Gradations of Moral Judgments
Categories (Obligatory, Supererogatory, Permissible, Suberogatory, Forbidden) describing the strength of moral claims.
Descriptive Ethics
Describes what people, institutions, cultures, and societies believe about morality.
Metaethics
The study of the meaning and logical structure of moral beliefs, including fact statements vs. value statements.
Instrumental
Moral statements that are extrinsic or means to an end.
Intrinsic
Moral statements that are inherent or valuable in themselves.
Normative Ethics
The study of the principles, rules, or theories that guide our moral actions and judgments.
Applied Ethics
The branch of ethics applying moral concepts to real-world areas such as medicine, society, and global issues.
Medical Ethics
Applied ethics in medicine, including abortion, euthanasia, healthcare delivery, and pandemic ethics.
Social Ethics
Applied ethics addressing racism, equality, discrimination, harassment, tolerance, and civil liberties.
Global Ethics
Applied ethics dealing with issues like capital punishment, war, immigration, and global injustice.
Four Fields of Ethics
Descriptive Ethics, Metaethics, Normative Ethics, and Applied Ethics.
Divine Command Theory
Morality is right because God wills it; morality is dictated by divine commands.
Euthyphro Dilemma
The question of whether morality is independent of God’s will or God’s will is dependent on what is morally right.

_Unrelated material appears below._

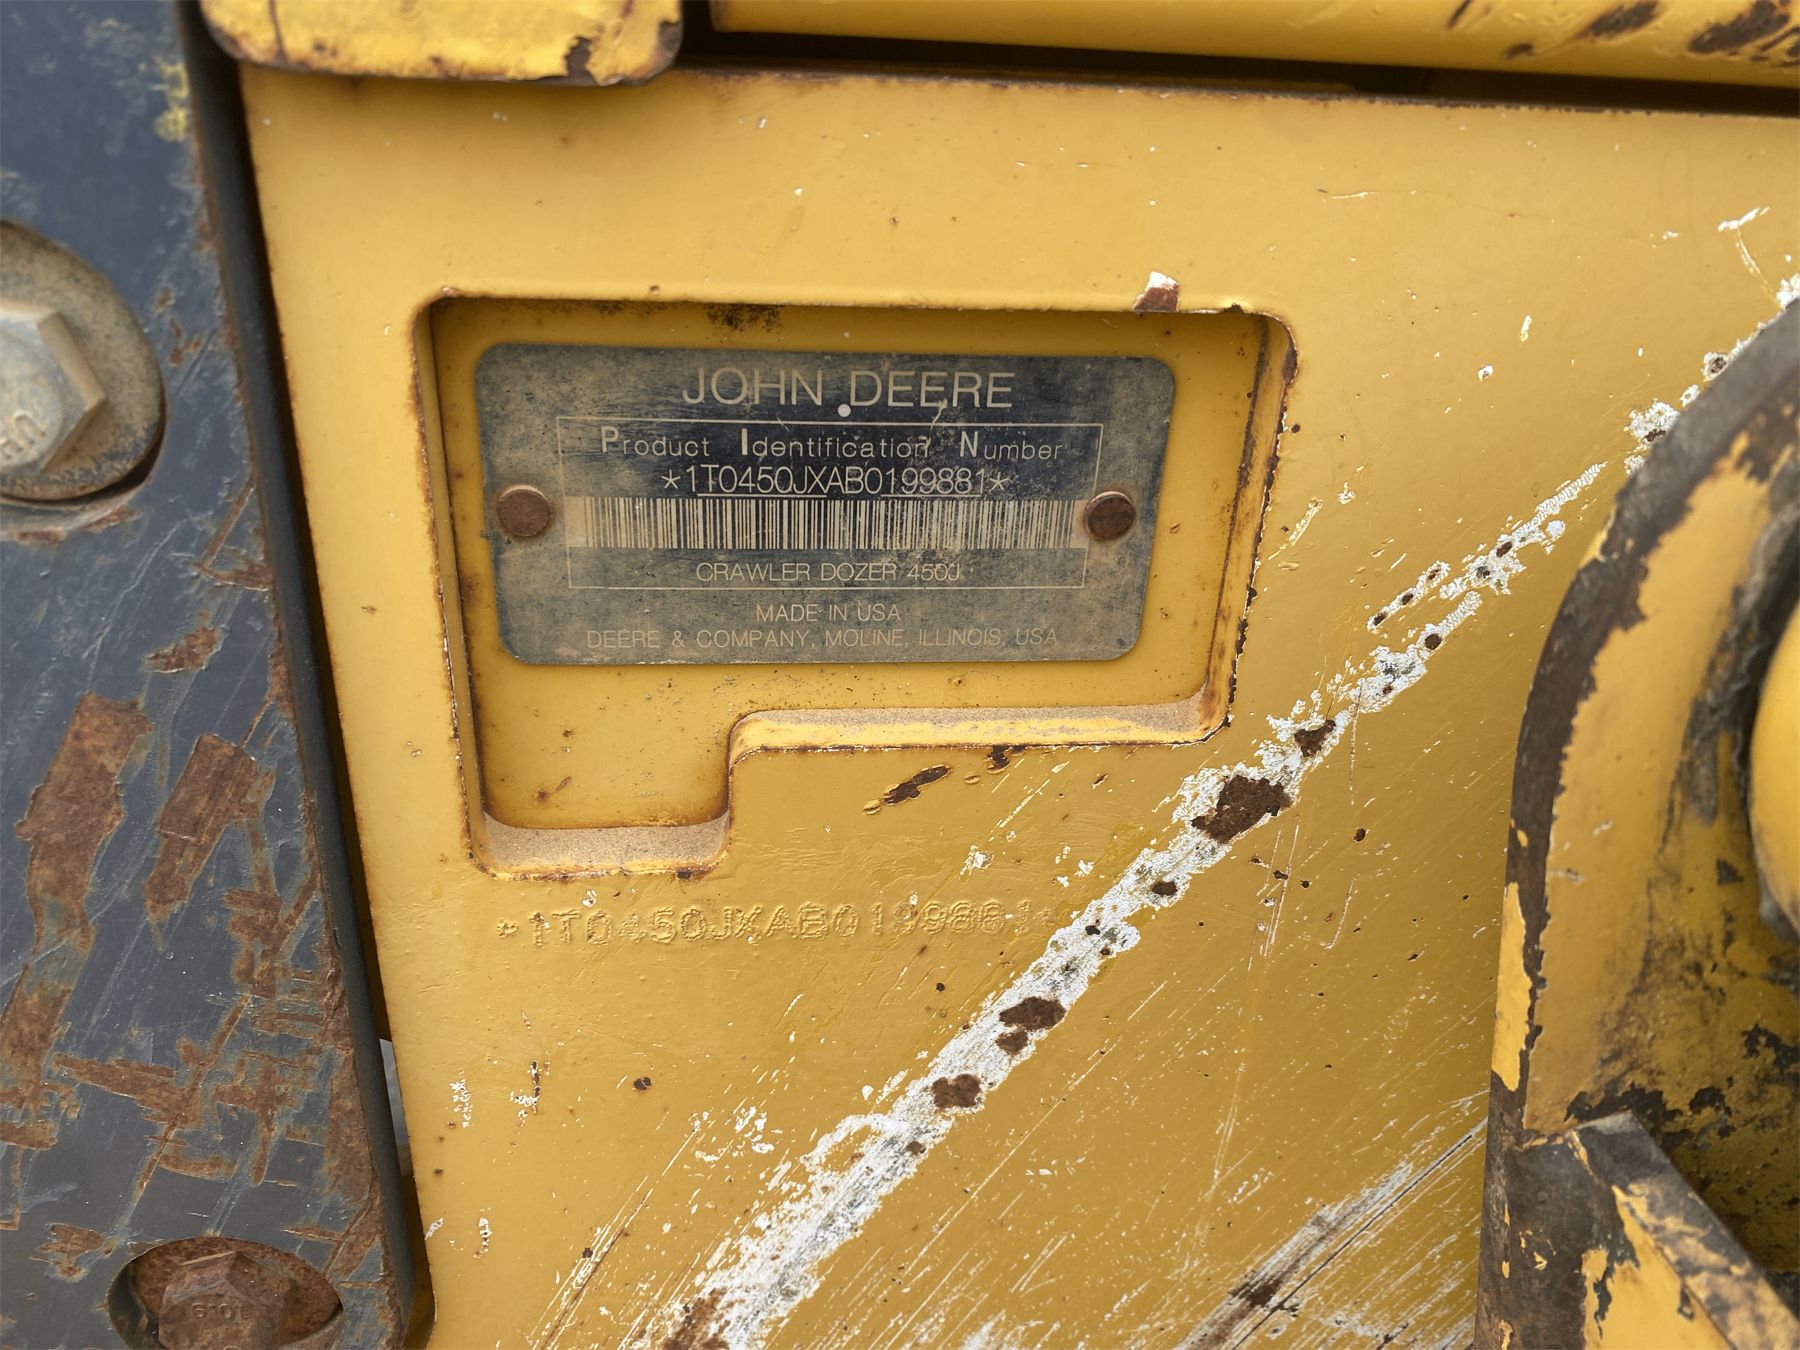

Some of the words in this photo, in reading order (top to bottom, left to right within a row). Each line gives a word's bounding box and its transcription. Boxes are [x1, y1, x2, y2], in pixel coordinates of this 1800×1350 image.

God wills actions because they are morally right
The view that actions are right because they are morally right independent of God’s will (the alternative to Divine Command Theory).
Objectivism
The view that moral truths exist independently of individuals or cultures.
Subjectivism
The view that moral rightness depends on an individual's approval.
Emotivism
Moral utterances express emotions or attitudes and are not true or false (noncognitive).
Cultural Relativism
An action is morally right if one’s culture approves of it; cultures are morally infallible.

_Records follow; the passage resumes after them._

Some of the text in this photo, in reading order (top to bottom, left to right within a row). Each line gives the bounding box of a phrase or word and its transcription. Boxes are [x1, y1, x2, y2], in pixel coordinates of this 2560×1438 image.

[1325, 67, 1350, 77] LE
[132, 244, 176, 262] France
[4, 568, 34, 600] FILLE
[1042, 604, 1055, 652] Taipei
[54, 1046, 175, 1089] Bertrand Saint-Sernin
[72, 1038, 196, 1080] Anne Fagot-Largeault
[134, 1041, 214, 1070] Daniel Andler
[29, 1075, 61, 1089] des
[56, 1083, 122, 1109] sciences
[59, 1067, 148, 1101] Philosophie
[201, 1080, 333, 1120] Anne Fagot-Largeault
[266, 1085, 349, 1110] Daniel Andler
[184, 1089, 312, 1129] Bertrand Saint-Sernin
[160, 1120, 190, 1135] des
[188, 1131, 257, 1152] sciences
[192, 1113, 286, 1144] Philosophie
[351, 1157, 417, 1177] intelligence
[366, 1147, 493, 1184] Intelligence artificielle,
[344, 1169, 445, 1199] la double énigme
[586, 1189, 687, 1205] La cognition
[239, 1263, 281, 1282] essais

Tolerance (Objective Principle)
Tolerance is an objective moral principle compatible with rationality, universality, impartiality, and dominance.
Statements/Propositions
A statement can be falsifiable (true/false) or nonmoral/factual; moral statements express moral value.
Premise
A statement of evidence or reason used to support a conclusion.
Conclusion
A statement supported by one or more premises.
Deductive Arguments
Arguments where the conclusion follows necessarily from the premises; categories include Sound, Valid, and Invalid.
Sound
A deductive argument with true premises and logical reasoning, guaranteeing a true conclusion.
Valid
A deductive argument where if the premises are true, the conclusion must be true.
Invalid
A deductive argument where the conclusion does not necessarily follow from the premises.
Inductive Arguments
Arguments that generalize from specific instances; categories include Cogent, Strong, and Weak.
Cogent
An inductive argument with premises that are nearly certainly true and a conclusion that is probably true.
Strong
An inductive argument whose premises are probably true, making the conclusion probably true.
Weak
An inductive argument where premises are unlikely to be true, making the conclusion unlikely.
Availability Error
A cognitive bias where people rely on readily available information rather than reliable data.
Confirmation Bias
Tendency to seek or interpret information in a way that confirms one’s preconceptions.
Motivated Reasoning
Reasoning aimed at supporting a predetermined conclusion rather than finding the truth.
Dunning-Kruger Effect
The tendency for people to overestimate their own knowledge or competence.
Ad Hominem (Appeal to the Person)
Rejecting a claim based on the person making it, rather than the claim’s merit.
Appeal to Authority
Relying on an alleged expert’s opinion as evidence without evaluating expertise.
Appeal to Emotion
Persuading by triggering emotions rather than presenting reasons.
Straw Man
Misrepresenting someone’s argument to make it easier to attack.
Hasty Generalization
Drawing a broad conclusion from an insufficient sample.
Faulty Analogy
Using a weak or inappropriate comparison to argue a point.
Appeal to Ignorance
Arguing a claim is true because it has not been proven false.
Equivocation
Using multiple meanings of a term in an argument to mislead.
Begging the Question
Assuming the conclusion as a premise in a circular argument.